Monday 28 January 2013

A sad story

Name: Betsy Moore (died fr[om] taking an overdose of Colocynth, taken to produce a miscarriage!). [Colocynth (or Bitter Apple) is a particularly strong purgative which even ancient Egyptians believed was able to provoke miscarriage if taken early in pregnancy.]

Abode: Great Coates (servant at Mr Epworth’s) fr[om] Ludford. [Ludford is a village in the Lincolnshire Wolds thirteen miles from Great Coates.]

Date of burial: 3rd July. [1871.]

Age: 22.

Minister: No ceremony. “Felo-de-se”. By Coroner’s Order! [Felo-de-se is ‘felon on self’ – a now obsolete legal term for someone who takes his or her own life.]

I am writing a piece about the Humber-side nature of the parish and went to the Library to capture some entries from St Nicolas’ burial registers which show how the bodies of unknown sailors washed up on the bank of the estuary were buried in the churchyard.

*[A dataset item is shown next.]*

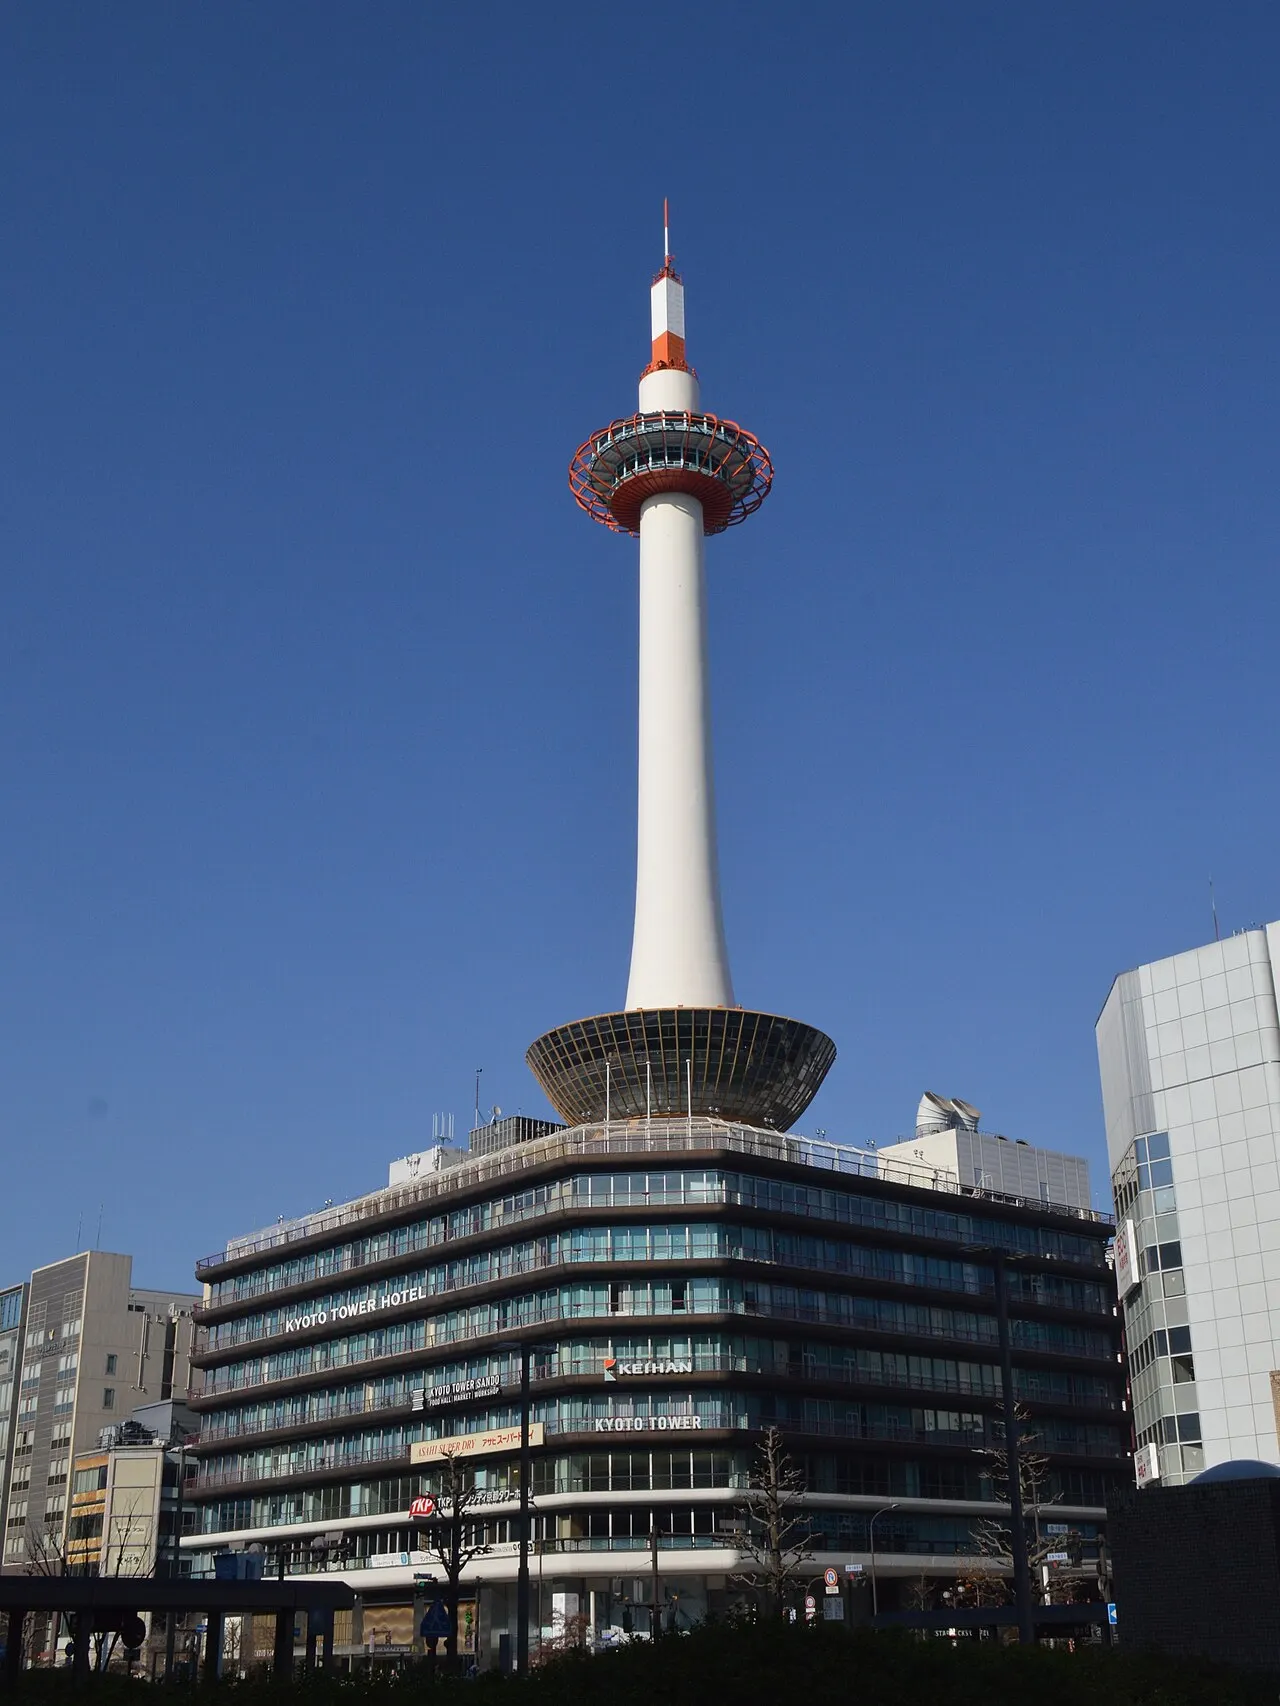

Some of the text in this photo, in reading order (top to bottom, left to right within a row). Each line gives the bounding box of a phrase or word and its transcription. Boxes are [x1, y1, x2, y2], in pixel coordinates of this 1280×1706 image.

In addition, while I was there, I rediscovered and captured this entry.

Betsy isn’t a diminutive; it (or Betsey) is the form of her given name when it appears in other records.

She was born in the July-September quarter of 1849. She shows up at Ludford aged 2 and 12 in the 1851 and 1861 census returns. In 1851 she was the youngest of four children aged two to six living with her widowed mother. In 1861 she is staying with a charwoman in the village. She doesn’t look as if she had much going for her. ‘Going into service’ within a year or two would have been almost the only option open to her.

In the 1871 census, taken exactly three months before she died, she is indeed recorded as a servant of Mr Epworth at Great Coates. Francis Epworth was a farmer and lived with his wife Sophia, four children and three servants on Aylesby Road. Betsey is listed as a housemaid. (Francis and Sophia’s gravestones are in St Michael’s churchyard.)

The entry in the burial register is in the handwriting of the Revd T B Coopland, the resident Assistant Curate, and, more than anything else, the two exclamation marks say as much about the attitude of the church at the time as the fact the burial went ahead without prayers or a funeral service.

We've uncovered the accounts in both the Lincolnshire Chronicle for 7th July and the Grantham Journal for 8th July. 

She had worked at the Epworths for nearly two years and was spoken of as a good servant.  She had bought an ounce of Bitter Apple at Binbrook (not far from her Ludford home) on May Day at about the second month of her pregnancy.  She took it on 1st July when thought by the cook who gave evidence to be four months pregnant. 

Her bowels became inflamed, and she confessed what she had done to the doctor who tried to treat her.  She died early on the 3rd, the inquest was heard in the farmhouse later in the day, and she was buried that night.  She left no goods or chattels.

Twice recently I’ve come across a Grimsby story in the same year where a housemaid was prosecuted for stealing a single postage stamp, was imprisoned for a day, lost her place, and died from taking rat poison; the story is remembered because of the riot which then took place outside her employer’s house.

A couple of years ago I posted another story from near by Irby-on-Humber seventeen years later which might also have been the result of someone very like Betsy having to conceal a pregnancy.